Inspired by the Scintilla Project’s urging to tell stories without prompts. I may not believe in myself, but I believe in their belief in me.
I closed my eyes against the soft pattering on my window. Never mind that my closed eyes could no more block out the snow falling than a strip of filmy gauze could block the sun. Jet lag had my body on schedule to be wide awake for an afternoon of teaching, not caring that reality placed the clock at the wee hours of the morning. Exhaustion, from hours of travel, from not enough sleep, from all the stress of delayed and cancelled flights, fled the instant the lights were out. Yet I closed my eyes, futile act of desperation, seeking oblivion. His arm slipped around me and pulled me closer. His breath, soft on my cheek, lulled me to sleep.
Upon awakening, the world outside bore a soft shroud of snow. Cars, bushes, roads and buildings, hid underneath the cloak of anonymity. Perfect, whiteness covered the worn out mask of every day mundanity. A perfect description of the day’s trajectory.
The sign proclaimed that check in started at noon. In spite of the solid hour remaining until that time, people filled the line. The agents willfully ignored their own sign, processing people as quickly as the machines let them. Our turn came, we filled out the paperwork, signed off on when the dogs ate and drank last, checked the box requesting they be given water if available, and laughed at the ease. Hand in hand we wandered away from dropping the dogs at security, joyful in taking another step closer to home.
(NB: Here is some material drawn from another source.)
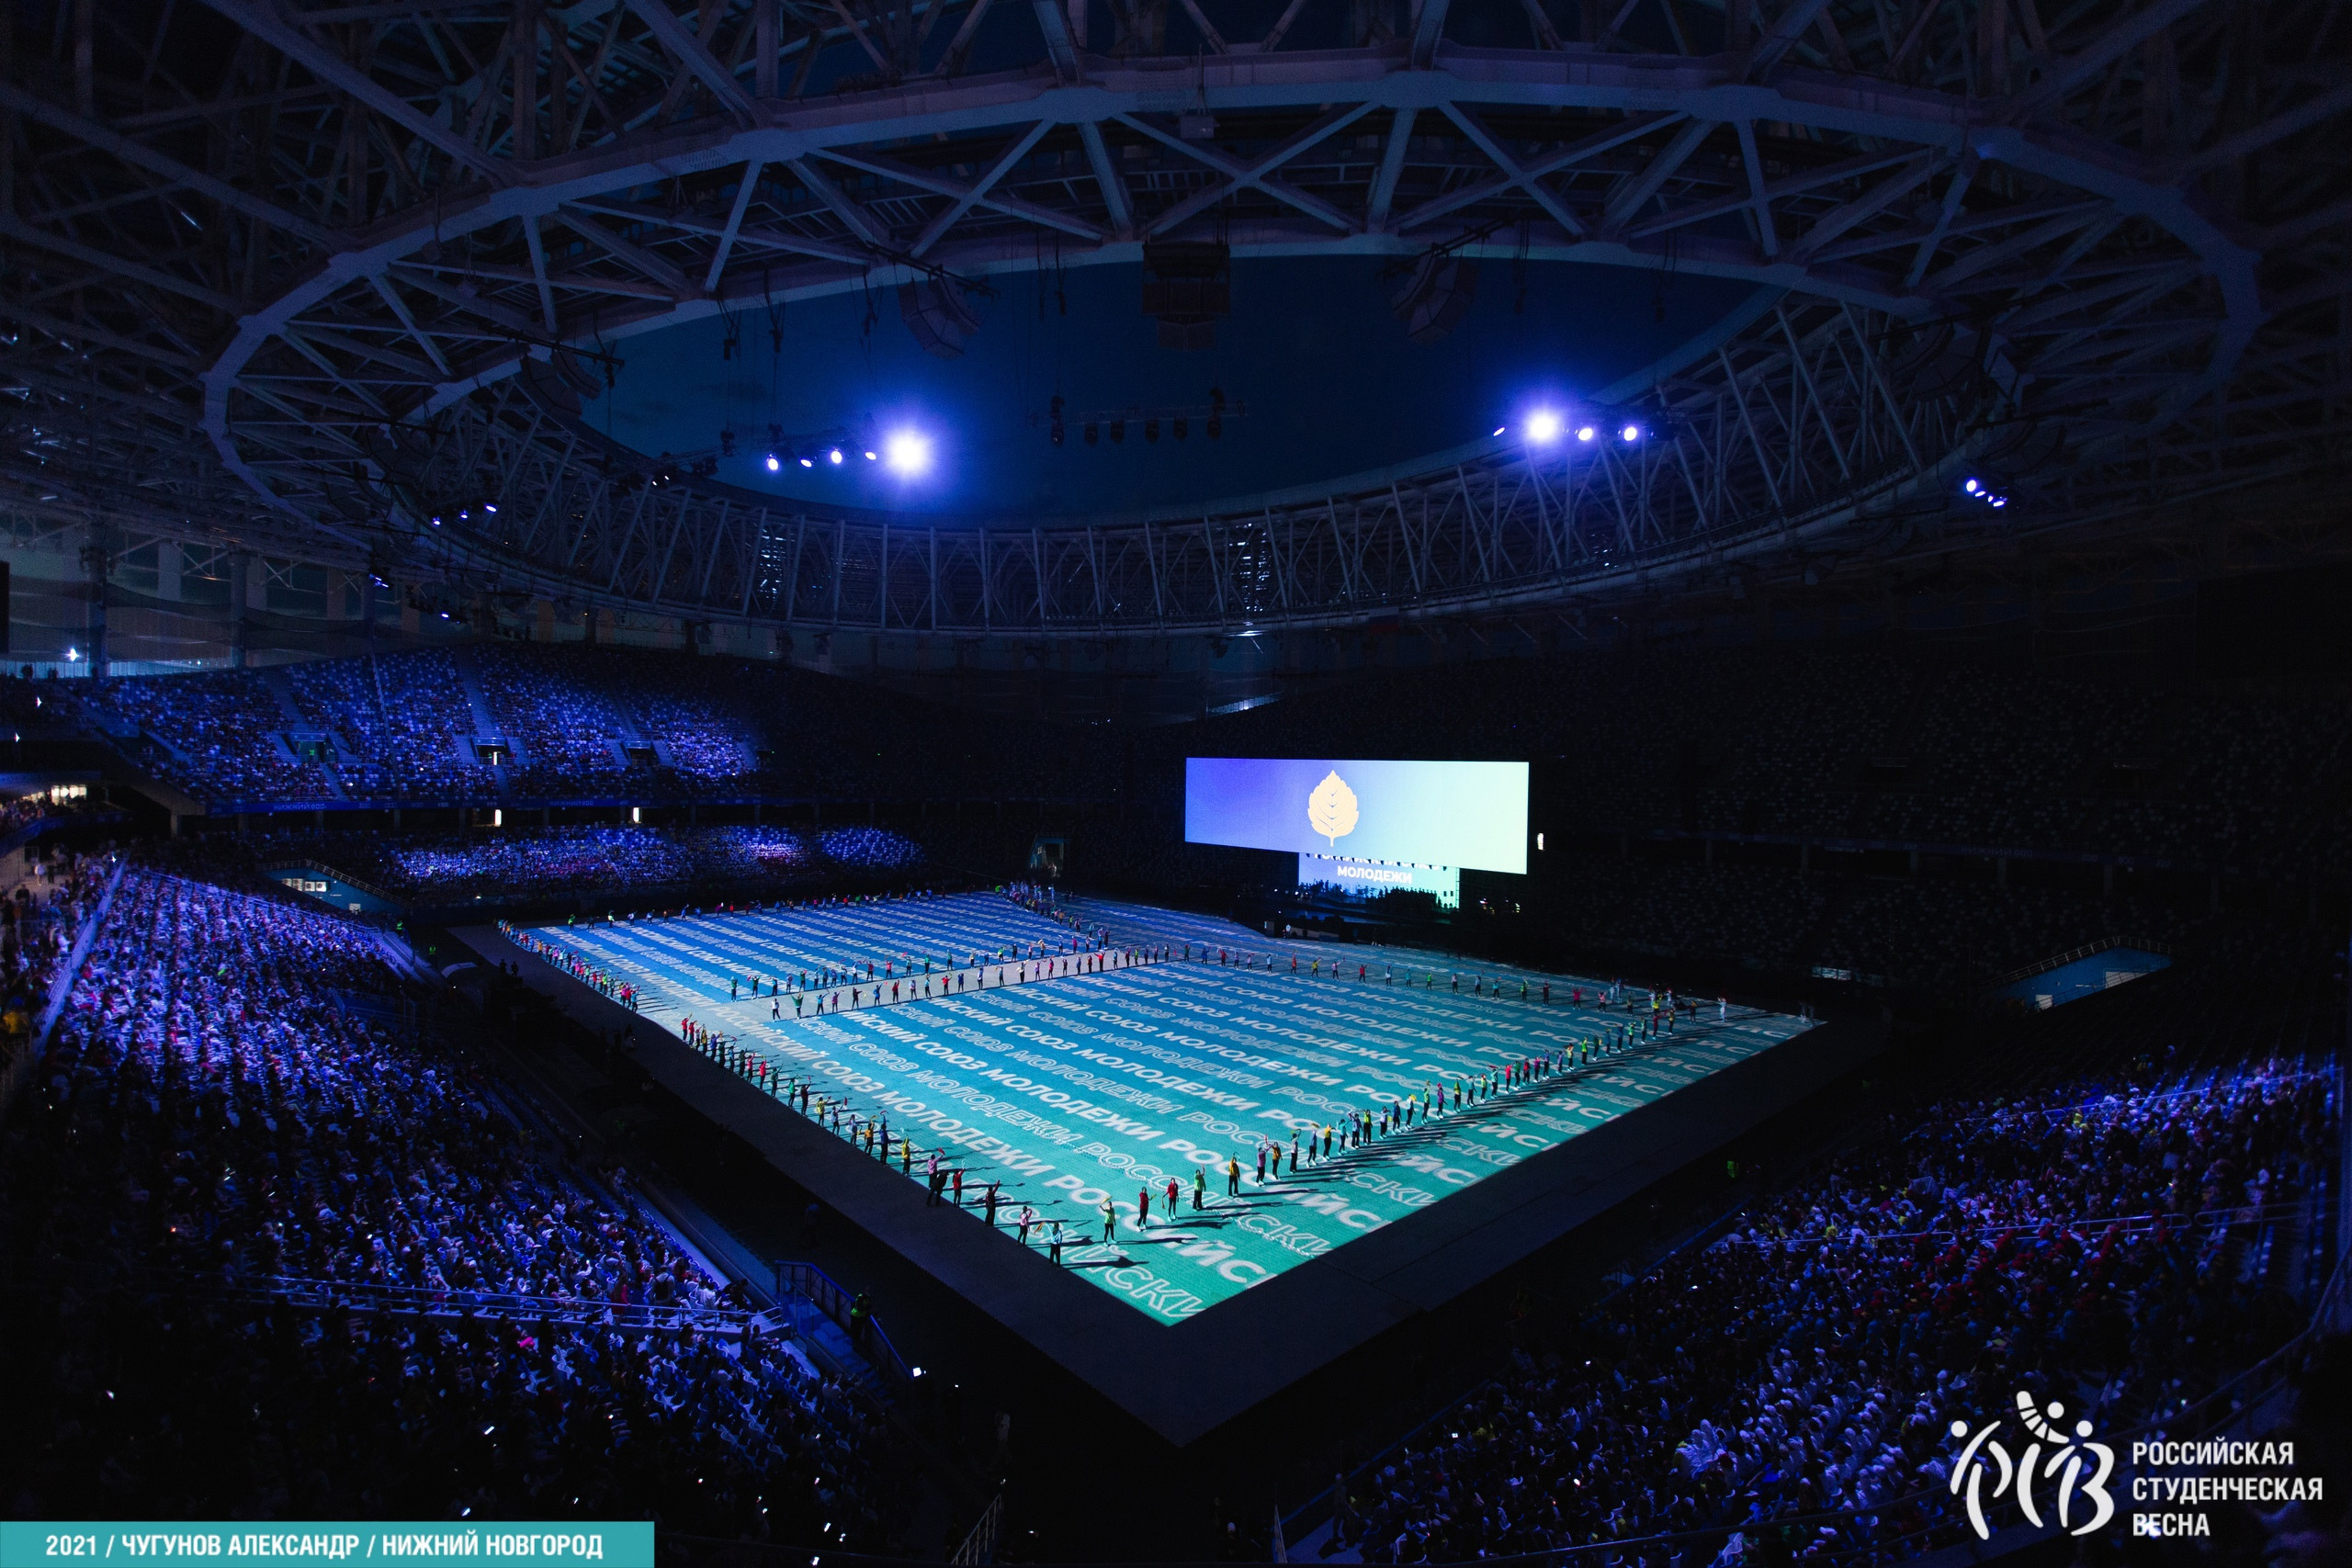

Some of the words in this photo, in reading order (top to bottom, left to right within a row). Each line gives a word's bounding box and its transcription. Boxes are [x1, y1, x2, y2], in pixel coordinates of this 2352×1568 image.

I leaned my head against the window. No air conditioning while getting deiced. Sometimes rules suck. I closed my eyes against the frustration around me. Already two hours late when the pilot finally arrived. Deiced not once, but twice. Waiting on the plane for the runway to clear, when, “We never like making this announcement.” A comedy of errors never brought so many tears. Back to the gate to wait for maintenance. “If you want to leave the plane, we ask that you do so now.” Maintenance complete but someone forgot to dispatch the fuel truck. Refueling complete, now we need to deice. Take off, eight hours late.
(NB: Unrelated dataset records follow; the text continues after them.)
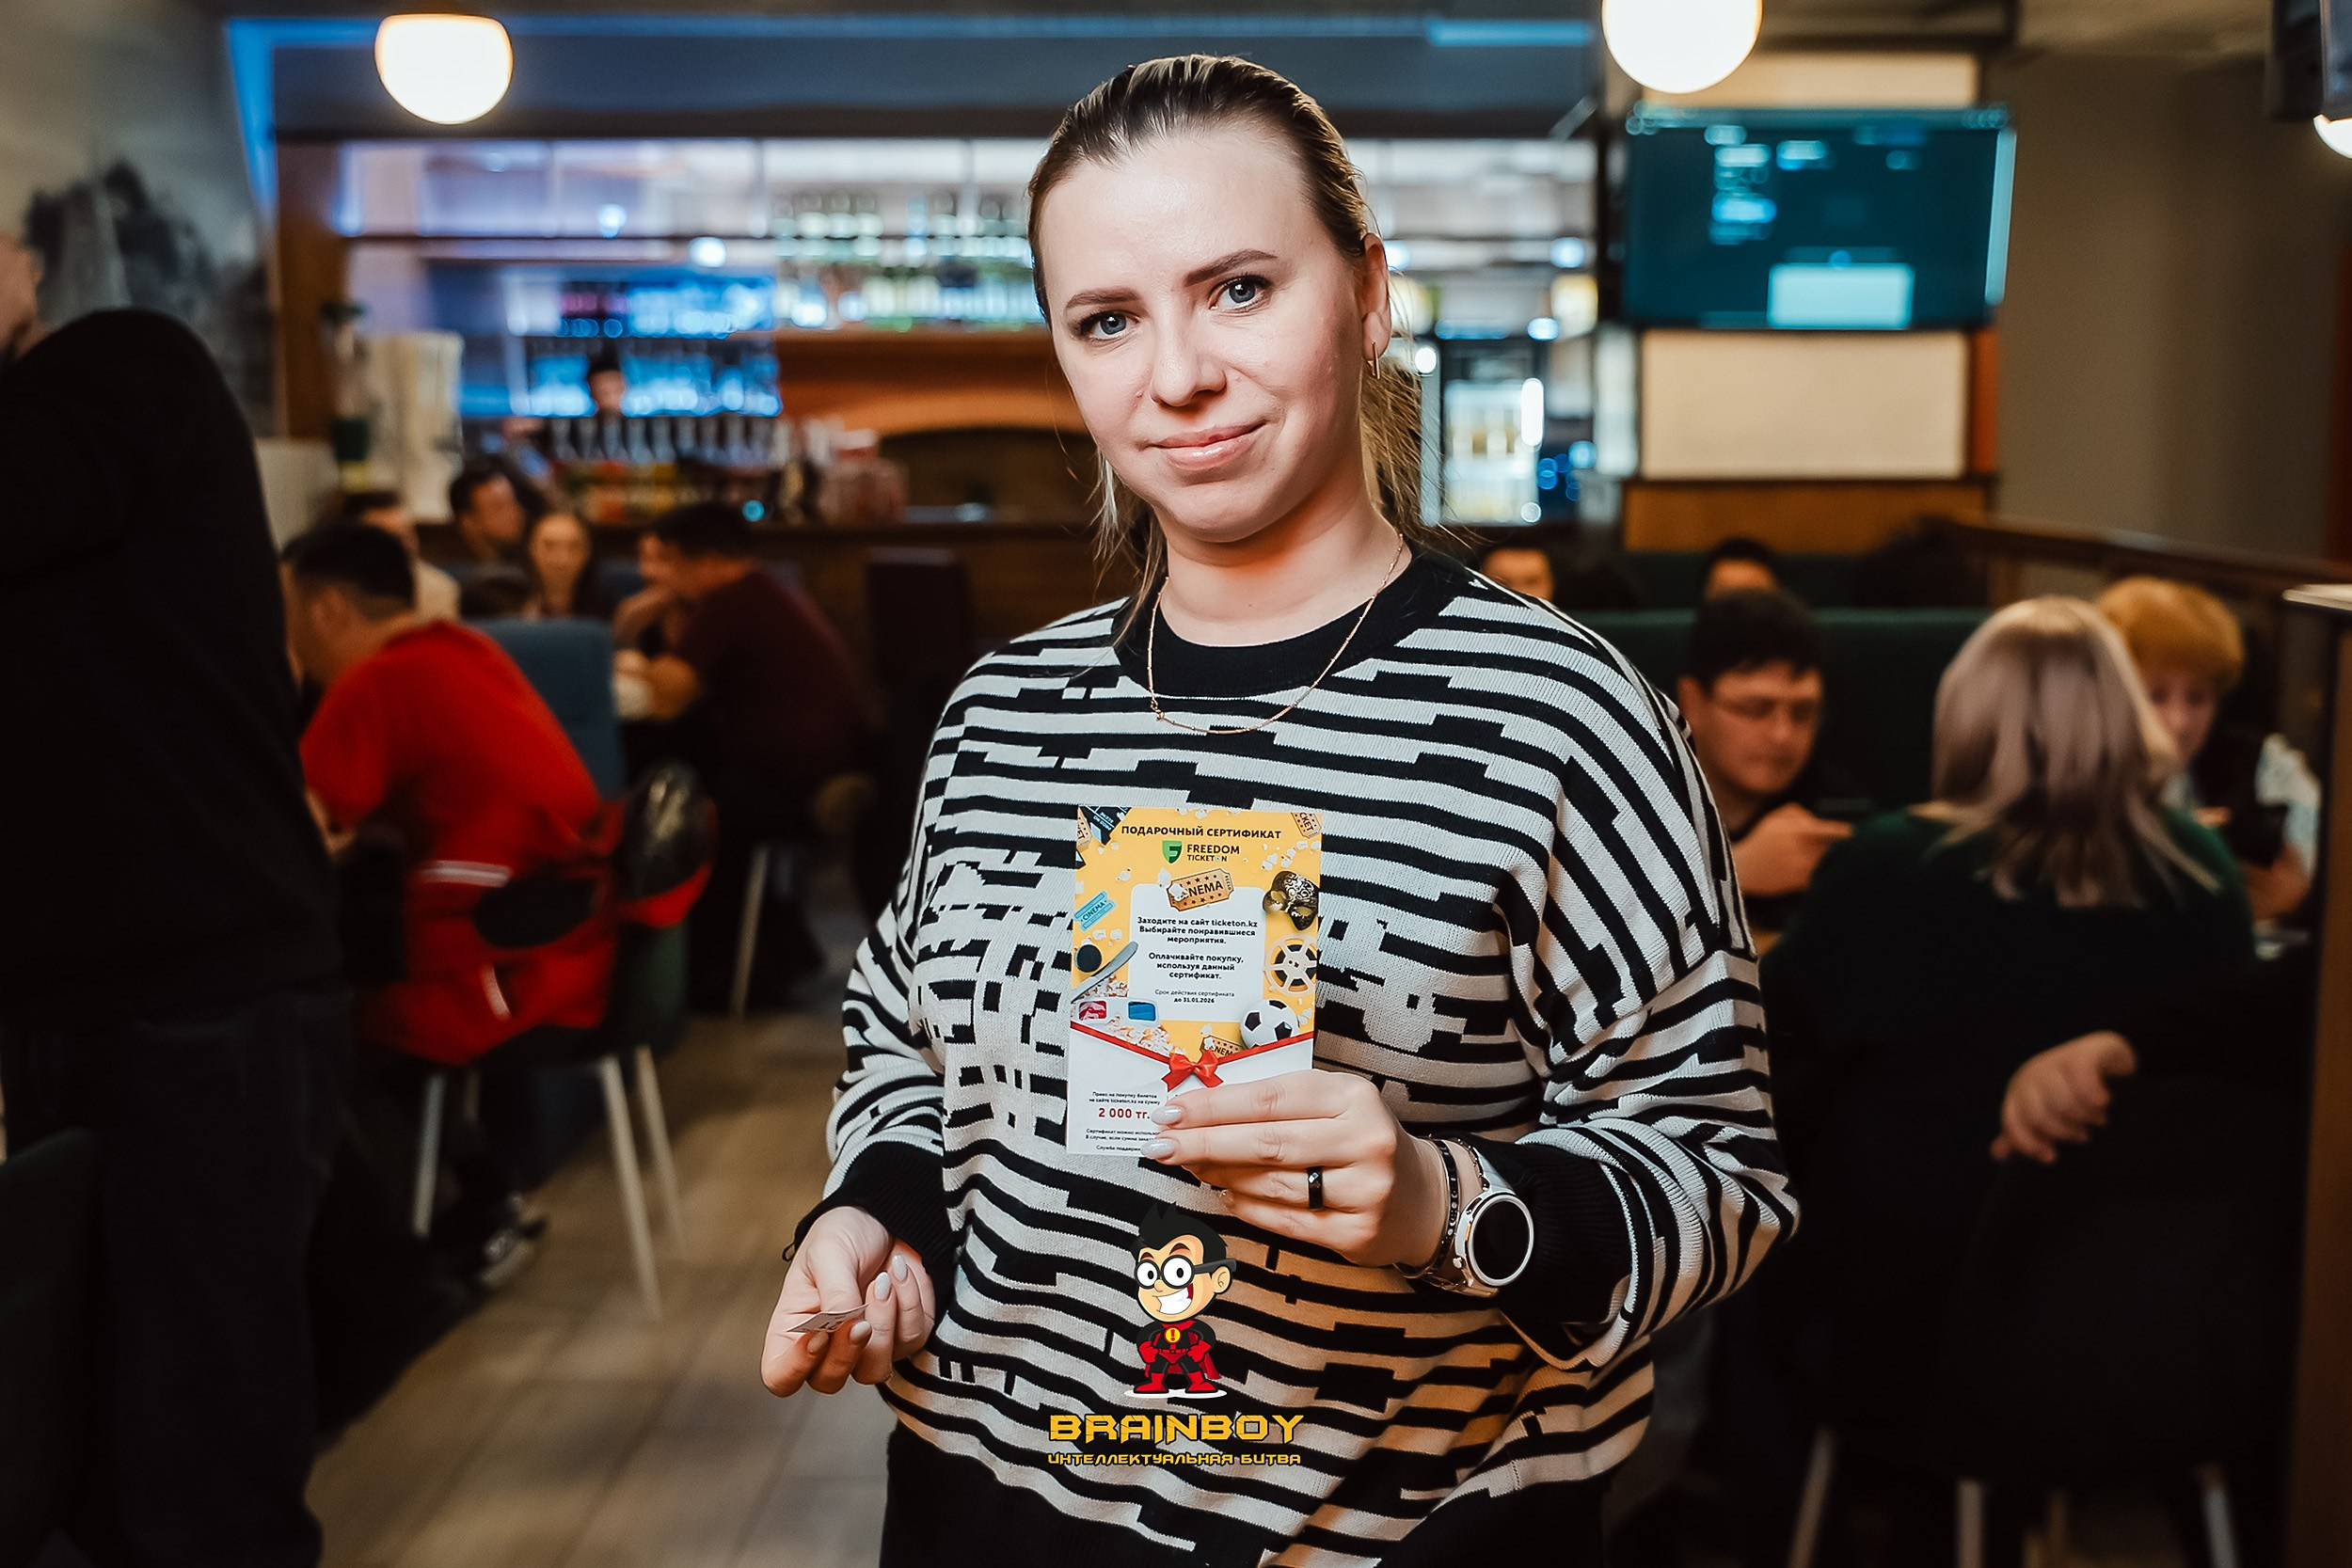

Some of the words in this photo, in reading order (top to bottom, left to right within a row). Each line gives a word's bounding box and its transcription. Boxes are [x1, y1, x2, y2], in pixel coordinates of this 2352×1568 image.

[1299, 812, 1314, 832] CKET
[1121, 825, 1204, 836] ПОДАРОЧНЫЙ
[1206, 828, 1282, 839] СЕРТИФИКАТ
[1186, 844, 1240, 854] FREEDOM
[1187, 880, 1224, 897] NEMA
[1082, 901, 1106, 921] CINEMA
[1137, 916, 1176, 926] Заходите
[1211, 919, 1259, 927] ticketon.kz
[1139, 926, 1186, 935] Выбирайте
[1148, 952, 1204, 960] Оплачивайте
[1206, 955, 1244, 964] покупку,
[1201, 963, 1235, 972] данный
[1099, 1107, 1105, 1117] 2
[1109, 1108, 1132, 1118] 000
[1136, 1111, 1151, 1119] тг.
The tears slipped down my face after I handed the phone back to the stranger. Mom knew not to expect us tonight. I finally acknowledged the same truth. Sobbing, I curled inward. Away from his anger at the airline, away from the chill of the window, and into the pain I felt. A feather light touch on my knee made me look up. His hand, slowly rubbing circles with his thumb. His eyes, begging me not to cry. I leaned into his shoulder and the let the sobs shudder out of me.
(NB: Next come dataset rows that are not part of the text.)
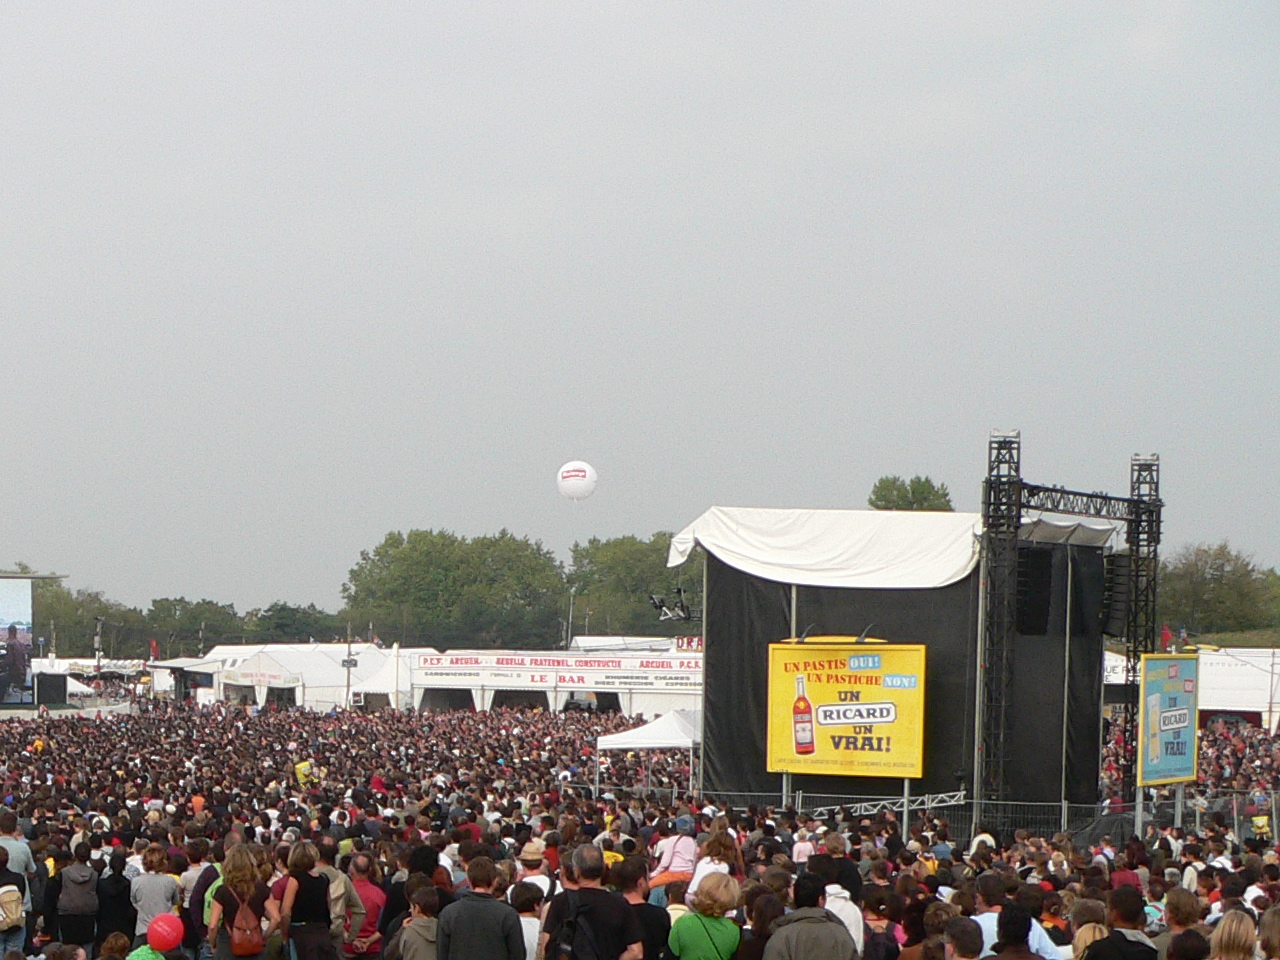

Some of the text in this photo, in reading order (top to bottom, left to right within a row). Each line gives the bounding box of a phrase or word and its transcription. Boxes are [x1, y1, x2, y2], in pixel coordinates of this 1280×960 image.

[784, 656, 880, 673] UN PASTIS OUI!
[529, 674, 549, 683] LE
[558, 675, 586, 684] BAR
[807, 673, 916, 688] UN PASTICHE NON!
[837, 691, 861, 702] UN
[822, 707, 892, 721] RICARD
[853, 725, 873, 735] UN
[830, 735, 891, 753] VRAI!
Half a dozen people spread out across the chairs. The tv blared pointless Olympic news. Every fifteen minutes, the security warning played over the loud speakers. Sleep, however fleeting, teased the edge of consciousness. It lured me into closing my eyes only to dart out of reach with every commercial change. We embraced the all-nighter and each other, plugged in headphones, and indulged in a marathon to finish American Horror Story.
Six in the morning brought the desire for food. Unlike yesterday, when they announced our delay five minutes after the only open restaurant closed, a plethora of restaurants competed for our business. Burgers and fries for breakfast? When sleep proves elusive for two days running and up and down point the same direction, then yes, burgers and fries for breakfast. True love is being the one to refill the soda as you both stuff your faces.
The mundanity of airline travel blanketed by snow. Cold, white perfection coating every day actions. Smothering trials taking a trip from easy regularity to extreme insanity. And deep beneath, the warmth of love making it all worthwhile.
The jet lag fled long ago in the wake of late nights followed by lazy mornings. The snow remains, alternating between falling softly to blowing fiercely past my window. The location changed rapidly, putting a theater set crew to shame – Baltimore, Atlanta, Texas, Kansas, and now, North Dakota. Home followed by home. Together, anywhere meets the description.
They say life happens in the journey. I’m inclined to believe them.